■ What you are asked to do: Transcribe, with complete accuracy, all of the entries below except for the pictures.
Data records: Begin
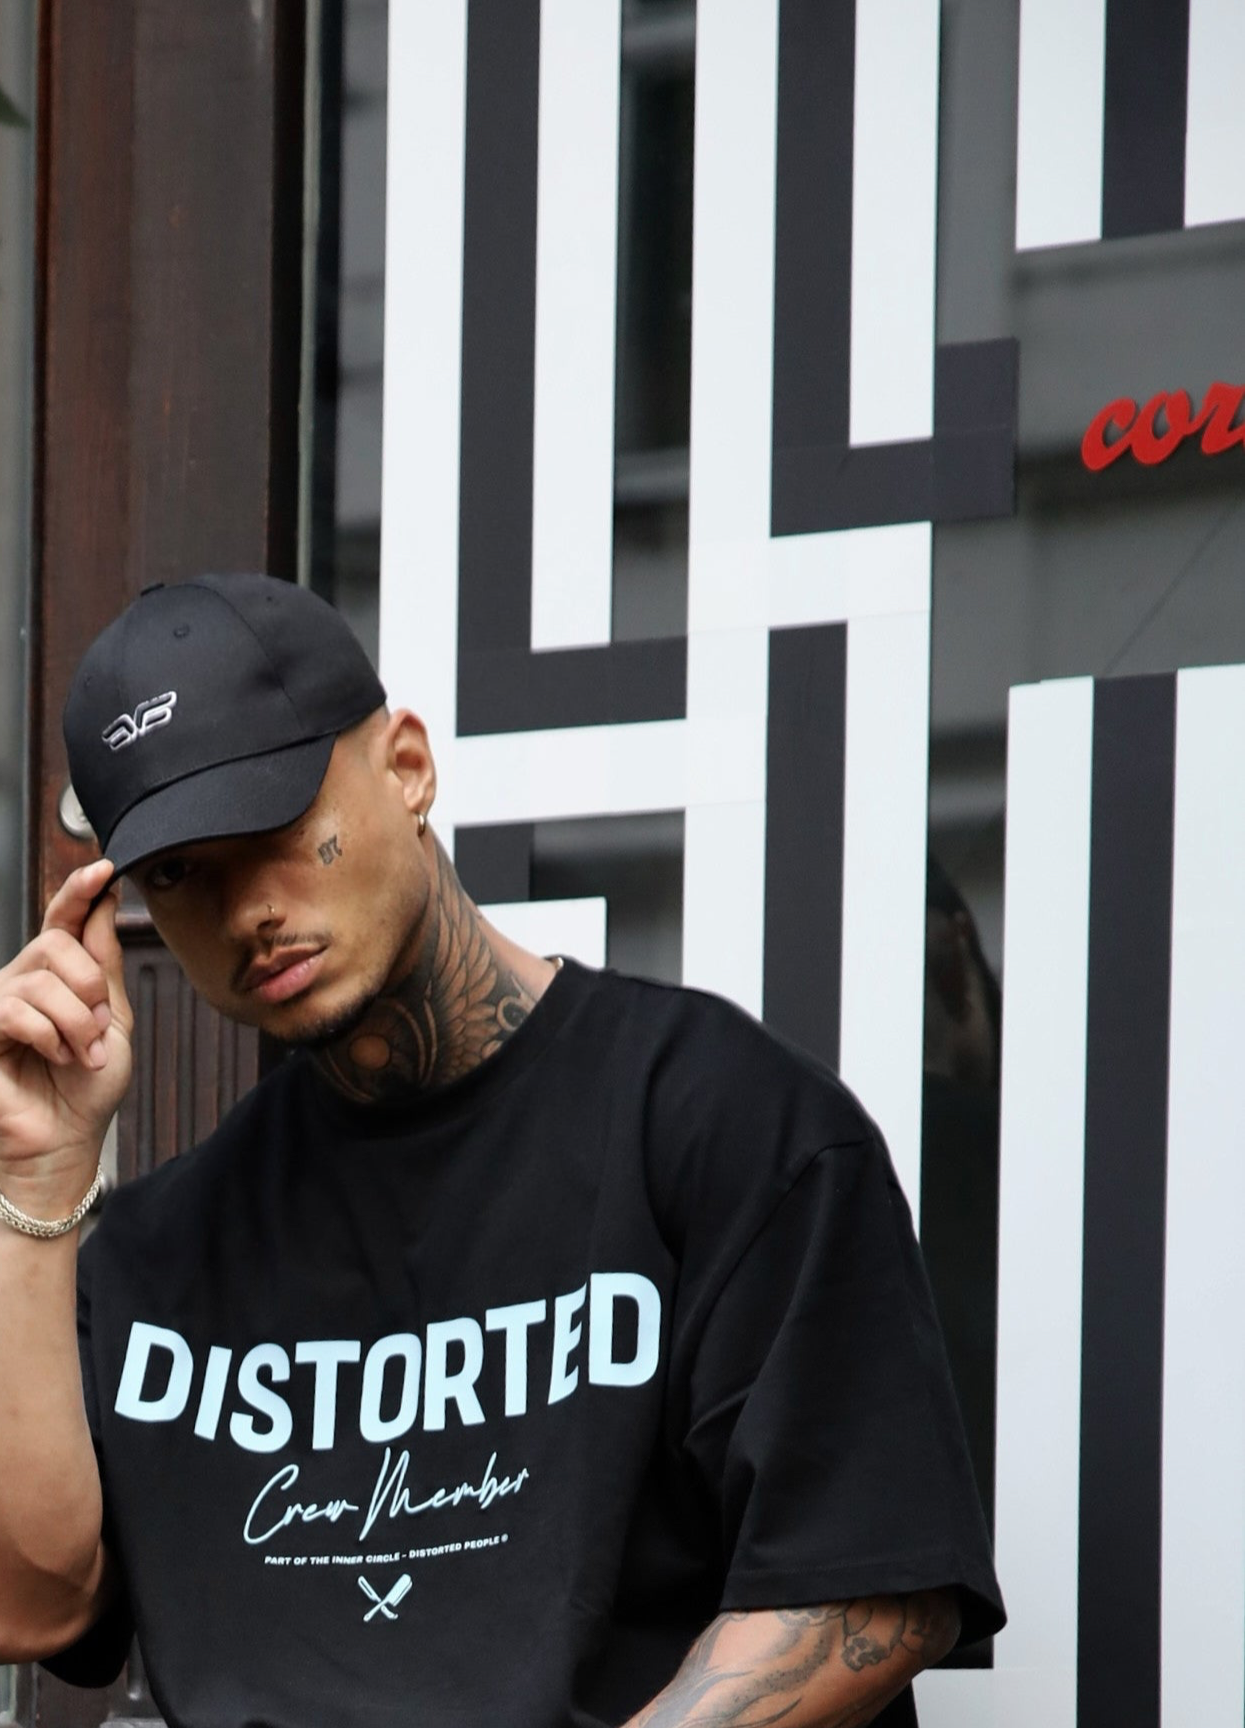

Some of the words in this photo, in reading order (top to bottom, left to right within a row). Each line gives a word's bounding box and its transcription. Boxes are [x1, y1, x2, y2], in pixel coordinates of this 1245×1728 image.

[1081, 380, 1245, 471] cor
[115, 1273, 661, 1453] DISTORTED
[243, 1464, 359, 1544] Crew
[358, 1447, 529, 1542] Member
[264, 1555, 293, 1566] PART
[293, 1556, 308, 1566] OF
[309, 1555, 330, 1566] THE
[331, 1554, 364, 1565] INNER
[364, 1551, 401, 1564] CIRCLE
[408, 1542, 463, 1559] DISTORTED
[463, 1535, 500, 1551] PEOPLE
Data records: End
■ Solved problem:
Some of the words in this photo, in reading order (top to bottom, left to right within a row). Each line gives a word's bounding box and its transcription. Boxes are [x1, y1, x2, y2], in pixel coordinates of this 1245×1728 image.

[1081, 380, 1245, 471] cor
[115, 1273, 661, 1453] DISTORTED
[243, 1464, 359, 1544] Crew
[358, 1447, 529, 1542] Member
[264, 1555, 293, 1566] PART
[293, 1556, 308, 1566] OF
[309, 1555, 330, 1566] THE
[331, 1554, 364, 1565] INNER
[364, 1551, 401, 1564] CIRCLE
[408, 1542, 463, 1559] DISTORTED
[463, 1535, 500, 1551] PEOPLE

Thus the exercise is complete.